---- Record set
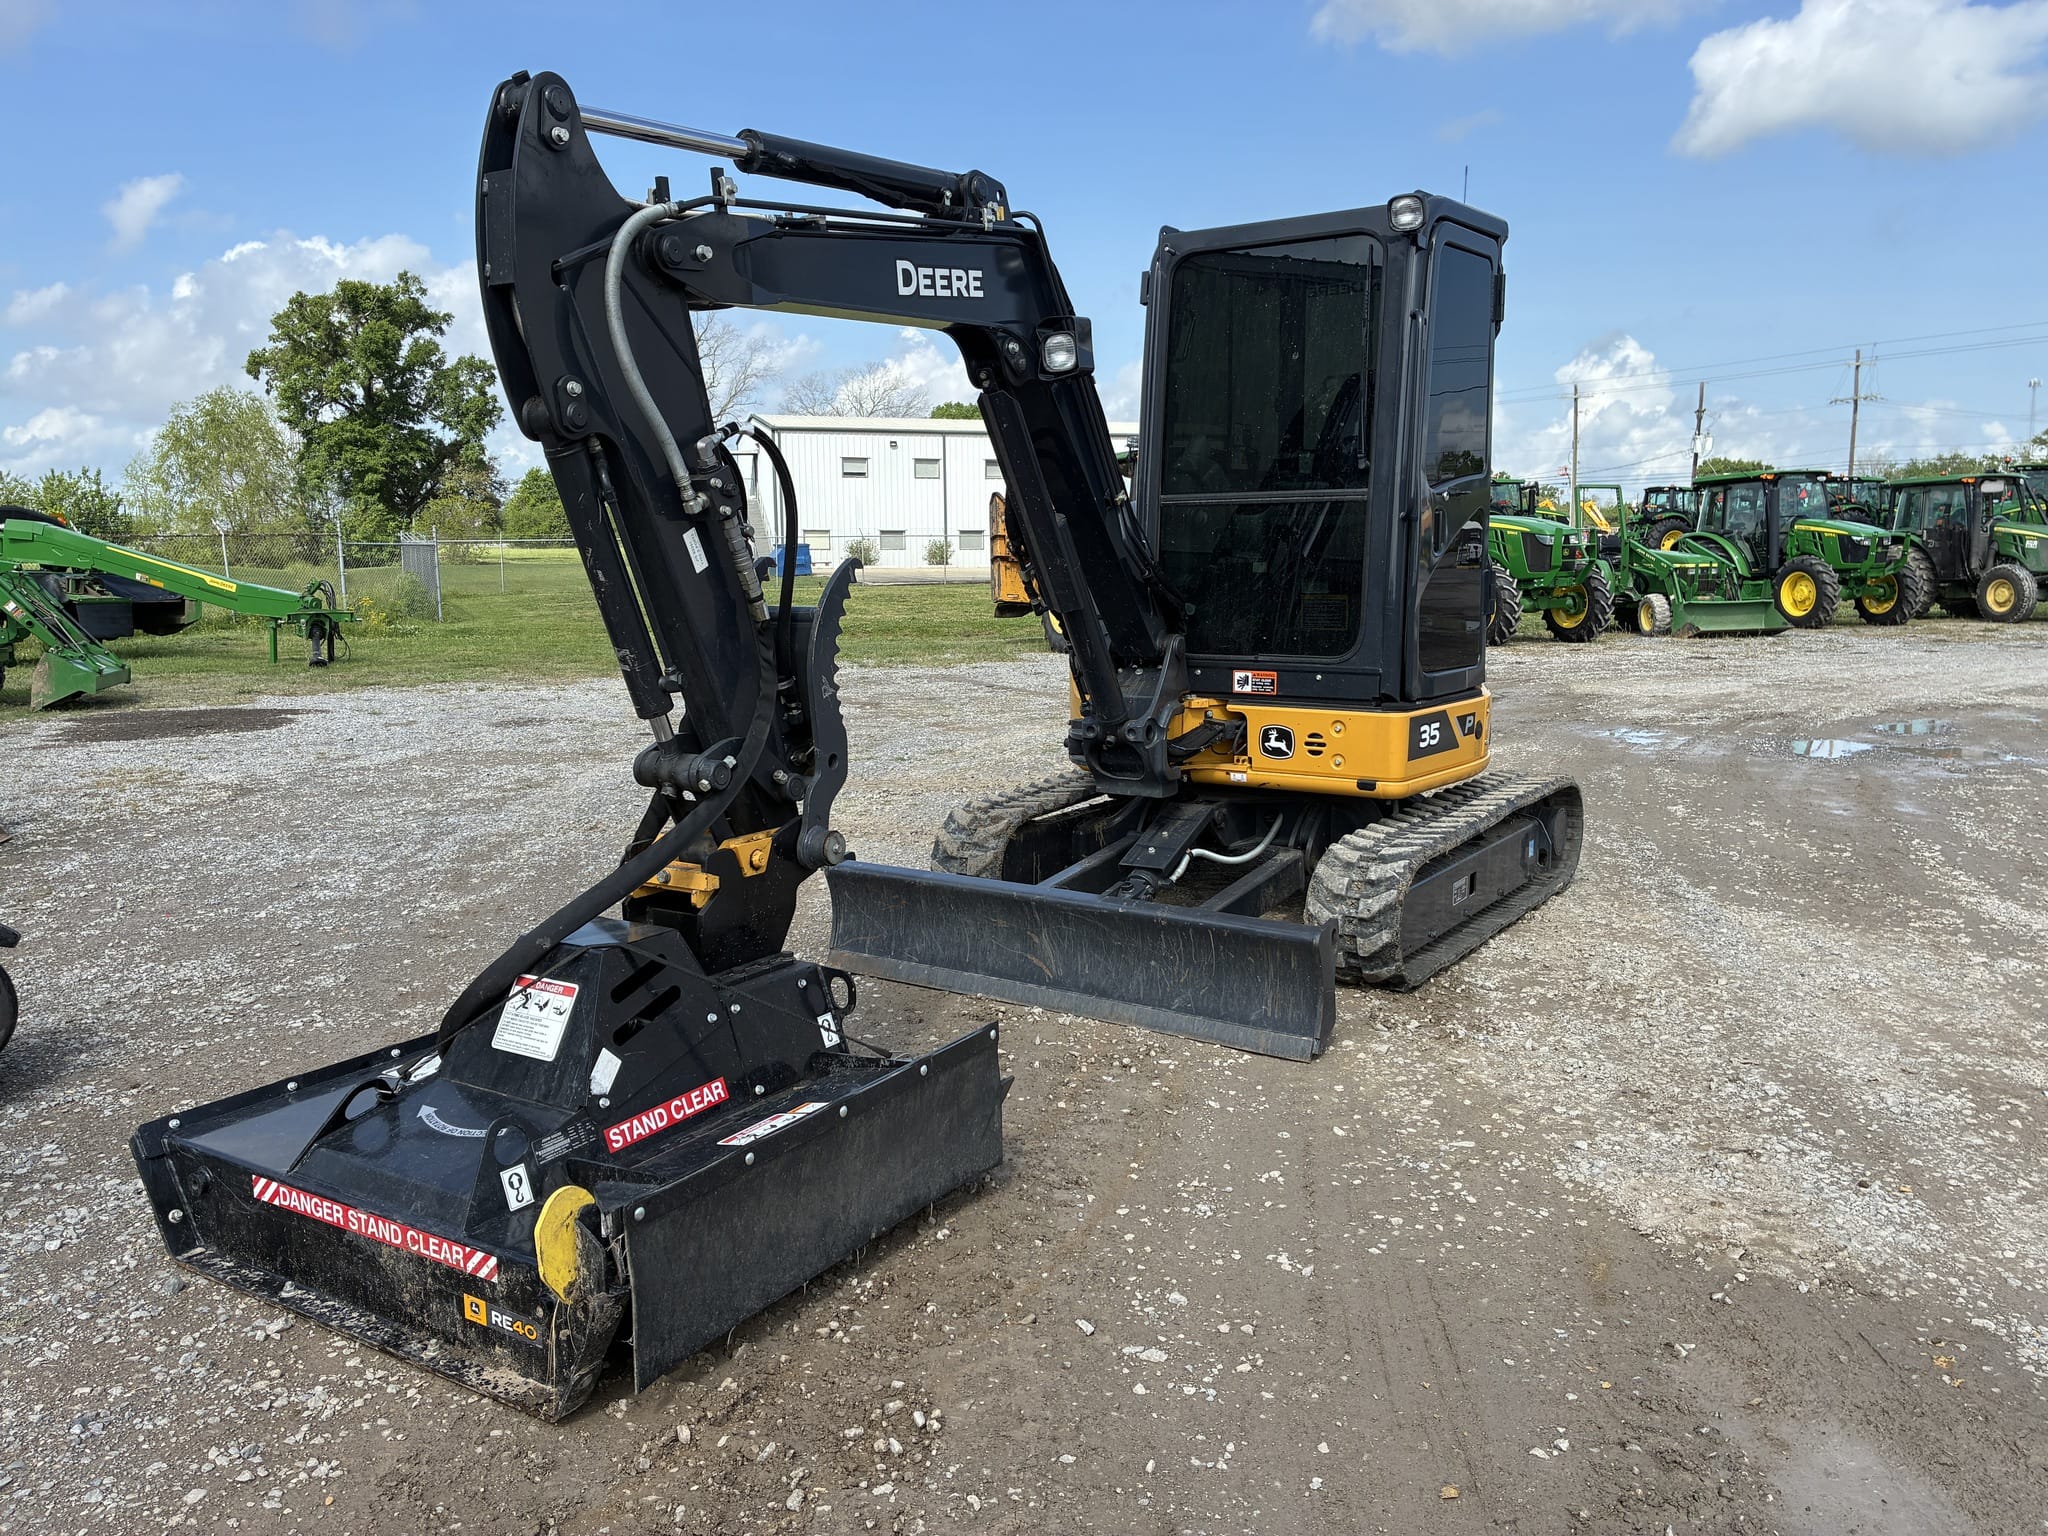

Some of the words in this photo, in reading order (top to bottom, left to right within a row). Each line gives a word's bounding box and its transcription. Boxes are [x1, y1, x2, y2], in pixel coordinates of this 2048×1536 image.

[895, 259, 984, 298] DEERE
[1419, 721, 1441, 748] 35
[536, 982, 564, 994] DANGER
[608, 1111, 668, 1149] STAND
[670, 1081, 726, 1120] CLEAR
[279, 1186, 344, 1226] DANGER
[348, 1212, 403, 1245] STAND
[406, 1230, 465, 1268] CLEAR
[491, 1310, 538, 1341] RE40
--------
• Problem to work on
Give the records above again in full and exactly, but exclude every picture.

• Task solution
Some of the words in this photo, in reading order (top to bottom, left to right within a row). Each line gives a word's bounding box and its transcription. Boxes are [x1, y1, x2, y2], in pixel coordinates of this 2048×1536 image.

[895, 259, 984, 298] DEERE
[1419, 721, 1441, 748] 35
[536, 982, 564, 994] DANGER
[608, 1111, 668, 1149] STAND
[670, 1081, 726, 1120] CLEAR
[279, 1186, 344, 1226] DANGER
[348, 1212, 403, 1245] STAND
[406, 1230, 465, 1268] CLEAR
[491, 1310, 538, 1341] RE40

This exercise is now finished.